## Problem description
If an entry holds a picture, drop the picture but restate the entry word for word.

*** Opening of Input data ***

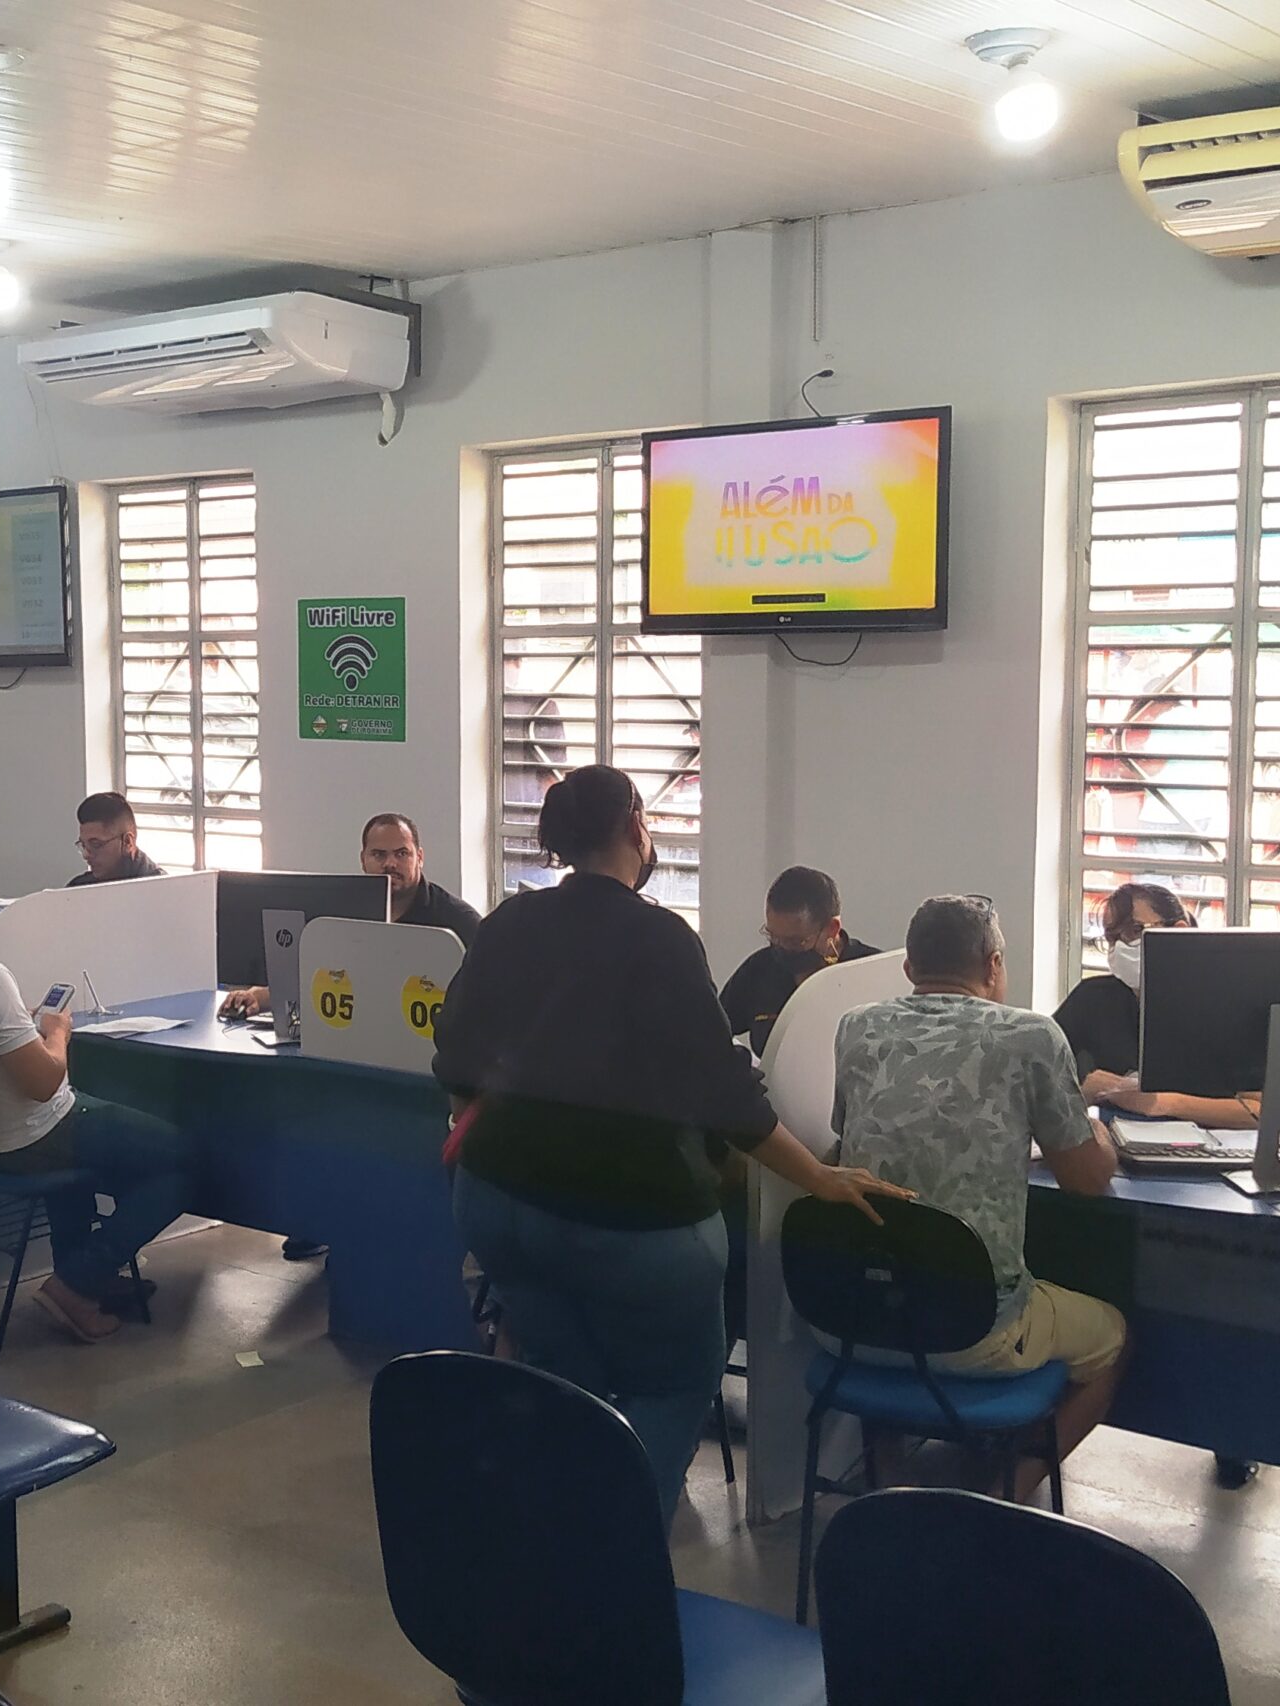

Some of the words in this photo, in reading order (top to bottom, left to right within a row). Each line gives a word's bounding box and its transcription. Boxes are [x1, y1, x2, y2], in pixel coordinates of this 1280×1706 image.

[307, 606, 347, 627] WiFi
[349, 606, 396, 627] Livre
[336, 695, 381, 708] DETRAN
[383, 695, 400, 708] RR
[351, 719, 393, 728] GOVERNO
[276, 928, 294, 948] hp
[320, 991, 354, 1021] 05
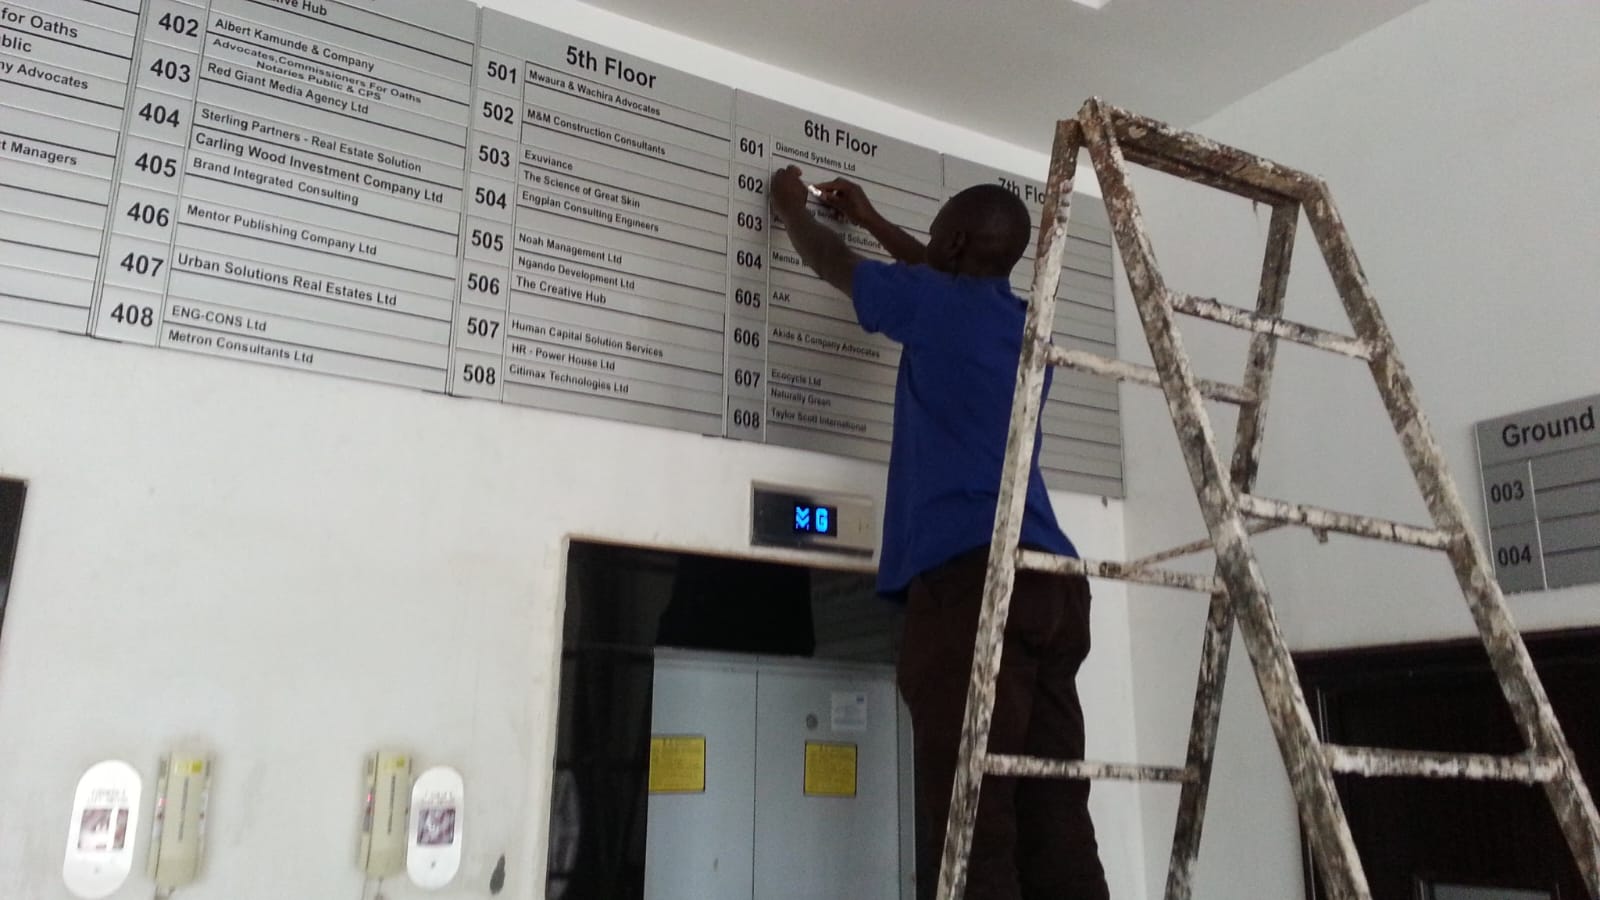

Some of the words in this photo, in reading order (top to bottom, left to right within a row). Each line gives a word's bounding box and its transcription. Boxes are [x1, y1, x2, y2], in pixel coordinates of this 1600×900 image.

[302, 0, 327, 16] Hub
[1, 7, 25, 24] for
[30, 15, 78, 38] Oaths
[158, 12, 199, 38] 402
[215, 18, 251, 36] Albert
[254, 28, 308, 52] Kamunde
[311, 44, 319, 55] &
[323, 48, 375, 72] Company
[17, 64, 88, 89] Advocates
[150, 58, 191, 83] 403
[487, 61, 517, 84] 501
[566, 45, 597, 72] 5th
[605, 56, 657, 89] Floor
[207, 62, 231, 78] Red
[235, 70, 266, 87] Giant
[269, 79, 303, 97] Media
[305, 89, 348, 110] Agency
[351, 101, 369, 114] Ltd
[256, 60, 304, 80] Notaries
[307, 74, 342, 90] Public
[346, 86, 354, 94] &
[358, 87, 381, 101] CPS
[370, 82, 387, 94] For
[390, 88, 422, 103] Oaths
[529, 69, 566, 88] Mwaura
[568, 80, 574, 90] &
[577, 83, 613, 102] Wachira
[615, 95, 661, 116] Advocates
[138, 103, 180, 128] 404
[483, 101, 514, 124] 502
[201, 108, 249, 131] Sterling
[251, 120, 301, 142] Partners
[311, 136, 336, 151] Real
[340, 143, 374, 160] Estate
[377, 153, 421, 172] Solution
[527, 108, 551, 123] M&M
[553, 116, 612, 141] Construction
[614, 133, 666, 155] Consultants
[804, 120, 830, 143] 6th
[836, 129, 878, 157] Floor
[11, 141, 77, 166] Managers
[478, 145, 510, 167] 503
[740, 137, 763, 157] 601
[776, 142, 809, 159] Diamond
[811, 153, 842, 169] Systems
[844, 161, 856, 171] Ltd
[135, 152, 177, 178] 405
[195, 132, 244, 157] Carling
[248, 145, 286, 164] Wood
[290, 156, 359, 182] Investment
[363, 174, 421, 199] Company
[424, 189, 443, 203] Ltd
[524, 150, 573, 170] Exuviance
[193, 157, 230, 175] Brand
[233, 166, 293, 189] Integrated
[298, 182, 359, 206] Consulting
[524, 170, 541, 183] The
[544, 175, 580, 194] Science
[583, 186, 592, 196] of
[594, 188, 619, 203] Great
[621, 195, 640, 209] Skin
[738, 174, 763, 194] 602
[475, 186, 507, 209] 504
[127, 202, 170, 227] 406
[522, 190, 561, 209] Engplan
[563, 200, 612, 222] Consulting
[615, 214, 659, 232] Engineers
[737, 212, 762, 231] 603
[187, 204, 231, 223] Mentor
[234, 214, 297, 240] Publishing
[301, 229, 355, 252] Company
[359, 242, 377, 255] Ltd
[471, 229, 504, 252] 505
[519, 232, 544, 247] Noah
[547, 239, 605, 261] Management
[607, 253, 622, 264] Ltd
[737, 251, 762, 270] 604
[120, 252, 164, 277] 407
[518, 256, 555, 273] Ngando
[558, 265, 618, 286] Development
[620, 279, 635, 290] Ltd
[178, 252, 219, 272] Urban
[225, 261, 288, 285] Solutions
[293, 275, 322, 292] Real
[326, 282, 373, 301] Estates
[377, 291, 397, 306] Ltd
[468, 273, 500, 295] 506
[516, 275, 536, 289] The
[539, 281, 583, 299] Creative
[585, 292, 606, 304] Hub
[735, 288, 760, 308] 605
[773, 291, 790, 302] AAK
[110, 302, 154, 327] 408
[247, 317, 267, 332] Ltd
[467, 317, 500, 339] 507
[511, 319, 546, 335] Human
[549, 327, 582, 344] Capital
[585, 333, 622, 350] Solution
[625, 340, 664, 358] Services
[734, 328, 760, 348] 606
[169, 329, 212, 347] Metron
[216, 337, 290, 359] Consultants
[294, 350, 314, 364] Ltd
[511, 343, 526, 355] HR
[535, 347, 565, 361] Power
[568, 355, 598, 368] House
[600, 360, 615, 371] Ltd
[797, 333, 802, 341] &
[805, 334, 840, 351] Company
[841, 343, 880, 358] Advocates
[463, 364, 496, 385] 508
[509, 364, 545, 379] Citimax
[550, 372, 611, 391] Technologies
[613, 382, 629, 393] Ltd
[735, 369, 760, 388] 607
[809, 375, 821, 386] Ltd
[771, 388, 806, 404] Naturally
[734, 409, 760, 429] 608
[820, 416, 867, 433] International
[1502, 406, 1595, 447] Ground
[1491, 480, 1525, 503] 003
[815, 507, 828, 532] G
[1498, 544, 1532, 567] 004
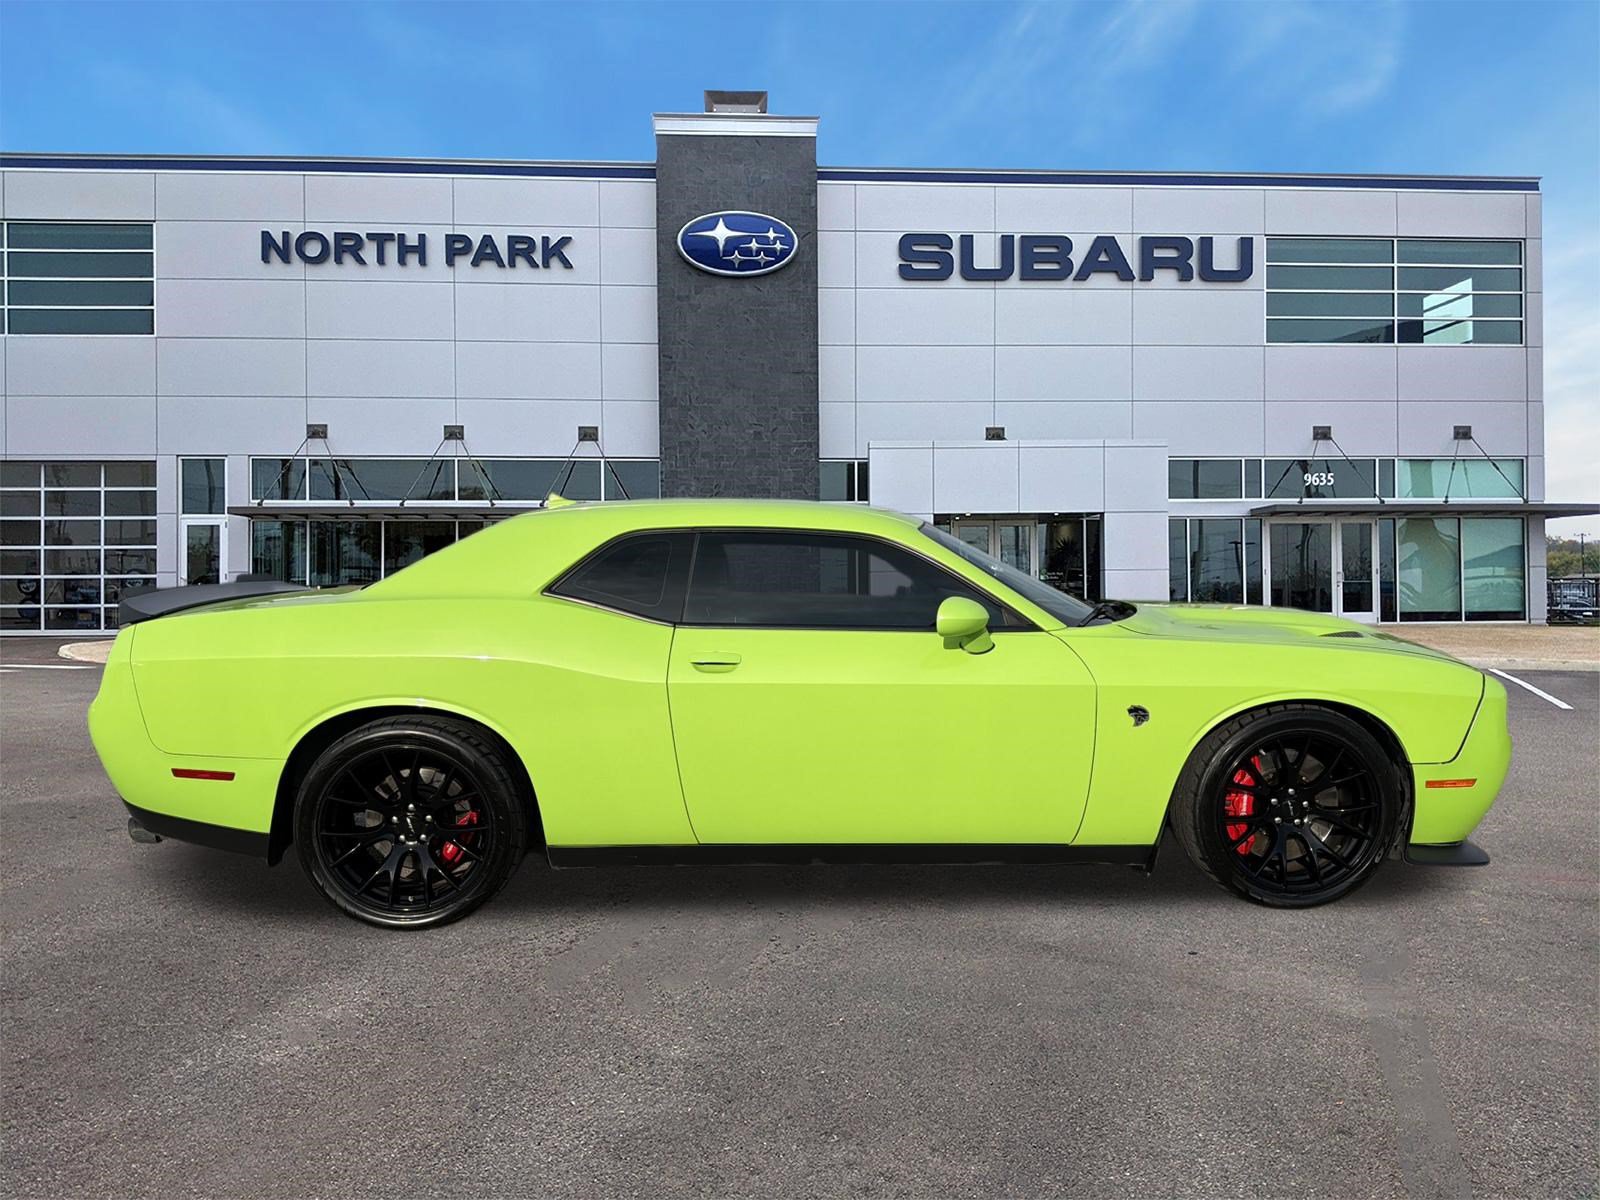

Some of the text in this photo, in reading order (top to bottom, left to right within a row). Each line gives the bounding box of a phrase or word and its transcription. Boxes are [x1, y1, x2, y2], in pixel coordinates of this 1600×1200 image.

[260, 230, 574, 269] NORTH PARK
[898, 232, 1254, 282] SUBARU
[1303, 472, 1335, 486] 9635

*** Close of Input data ***

## Finished exercise
Some of the words in this photo, in reading order (top to bottom, left to right within a row). Each line gives a word's bounding box and its transcription. Boxes are [x1, y1, x2, y2], in pixel coordinates of this 1280×1706 image.

[307, 606, 347, 627] WiFi
[349, 606, 396, 627] Livre
[336, 695, 381, 708] DETRAN
[383, 695, 400, 708] RR
[351, 719, 393, 728] GOVERNO
[276, 928, 294, 948] hp
[320, 991, 354, 1021] 05

Some of the words in this photo, in reading order (top to bottom, left to right within a row). Each line gives a word's bounding box and its transcription. Boxes are [x1, y1, x2, y2], in pixel coordinates of this 1600×900 image.

[302, 0, 327, 16] Hub
[1, 7, 25, 24] for
[30, 15, 78, 38] Oaths
[158, 12, 199, 38] 402
[215, 18, 251, 36] Albert
[254, 28, 308, 52] Kamunde
[311, 44, 319, 55] &
[323, 48, 375, 72] Company
[17, 64, 88, 89] Advocates
[150, 58, 191, 83] 403
[487, 61, 517, 84] 501
[566, 45, 597, 72] 5th
[605, 56, 657, 89] Floor
[207, 62, 231, 78] Red
[235, 70, 266, 87] Giant
[269, 79, 303, 97] Media
[305, 89, 348, 110] Agency
[351, 101, 369, 114] Ltd
[256, 60, 304, 80] Notaries
[307, 74, 342, 90] Public
[346, 86, 354, 94] &
[358, 87, 381, 101] CPS
[370, 82, 387, 94] For
[390, 88, 422, 103] Oaths
[529, 69, 566, 88] Mwaura
[568, 80, 574, 90] &
[577, 83, 613, 102] Wachira
[615, 95, 661, 116] Advocates
[138, 103, 180, 128] 404
[483, 101, 514, 124] 502
[201, 108, 249, 131] Sterling
[251, 120, 301, 142] Partners
[311, 136, 336, 151] Real
[340, 143, 374, 160] Estate
[377, 153, 421, 172] Solution
[527, 108, 551, 123] M&M
[553, 116, 612, 141] Construction
[614, 133, 666, 155] Consultants
[804, 120, 830, 143] 6th
[836, 129, 878, 157] Floor
[11, 141, 77, 166] Managers
[478, 145, 510, 167] 503
[740, 137, 763, 157] 601
[776, 142, 809, 159] Diamond
[811, 153, 842, 169] Systems
[844, 161, 856, 171] Ltd
[135, 152, 177, 178] 405
[195, 132, 244, 157] Carling
[248, 145, 286, 164] Wood
[290, 156, 359, 182] Investment
[363, 174, 421, 199] Company
[424, 189, 443, 203] Ltd
[524, 150, 573, 170] Exuviance
[193, 157, 230, 175] Brand
[233, 166, 293, 189] Integrated
[298, 182, 359, 206] Consulting
[524, 170, 541, 183] The
[544, 175, 580, 194] Science
[583, 186, 592, 196] of
[594, 188, 619, 203] Great
[621, 195, 640, 209] Skin
[738, 174, 763, 194] 602
[475, 186, 507, 209] 504
[127, 202, 170, 227] 406
[522, 190, 561, 209] Engplan
[563, 200, 612, 222] Consulting
[615, 214, 659, 232] Engineers
[737, 212, 762, 231] 603
[187, 204, 231, 223] Mentor
[234, 214, 297, 240] Publishing
[301, 229, 355, 252] Company
[359, 242, 377, 255] Ltd
[471, 229, 504, 252] 505
[519, 232, 544, 247] Noah
[547, 239, 605, 261] Management
[607, 253, 622, 264] Ltd
[737, 251, 762, 270] 604
[120, 252, 164, 277] 407
[518, 256, 555, 273] Ngando
[558, 265, 618, 286] Development
[620, 279, 635, 290] Ltd
[178, 252, 219, 272] Urban
[225, 261, 288, 285] Solutions
[293, 275, 322, 292] Real
[326, 282, 373, 301] Estates
[377, 291, 397, 306] Ltd
[468, 273, 500, 295] 506
[516, 275, 536, 289] The
[539, 281, 583, 299] Creative
[585, 292, 606, 304] Hub
[735, 288, 760, 308] 605
[773, 291, 790, 302] AAK
[110, 302, 154, 327] 408
[247, 317, 267, 332] Ltd
[467, 317, 500, 339] 507
[511, 319, 546, 335] Human
[549, 327, 582, 344] Capital
[585, 333, 622, 350] Solution
[625, 340, 664, 358] Services
[734, 328, 760, 348] 606
[169, 329, 212, 347] Metron
[216, 337, 290, 359] Consultants
[294, 350, 314, 364] Ltd
[511, 343, 526, 355] HR
[535, 347, 565, 361] Power
[568, 355, 598, 368] House
[600, 360, 615, 371] Ltd
[797, 333, 802, 341] &
[805, 334, 840, 351] Company
[841, 343, 880, 358] Advocates
[463, 364, 496, 385] 508
[509, 364, 545, 379] Citimax
[550, 372, 611, 391] Technologies
[613, 382, 629, 393] Ltd
[735, 369, 760, 388] 607
[809, 375, 821, 386] Ltd
[771, 388, 806, 404] Naturally
[734, 409, 760, 429] 608
[820, 416, 867, 433] International
[1502, 406, 1595, 447] Ground
[1491, 480, 1525, 503] 003
[815, 507, 828, 532] G
[1498, 544, 1532, 567] 004

Some of the text in this photo, in reading order (top to bottom, left to right within a row). Each line gives the bounding box of a phrase or word and its transcription. Boxes are [x1, y1, x2, y2], in pixel coordinates of this 1600×1200 image.

[260, 230, 574, 269] NORTH PARK
[898, 232, 1254, 282] SUBARU
[1303, 472, 1335, 486] 9635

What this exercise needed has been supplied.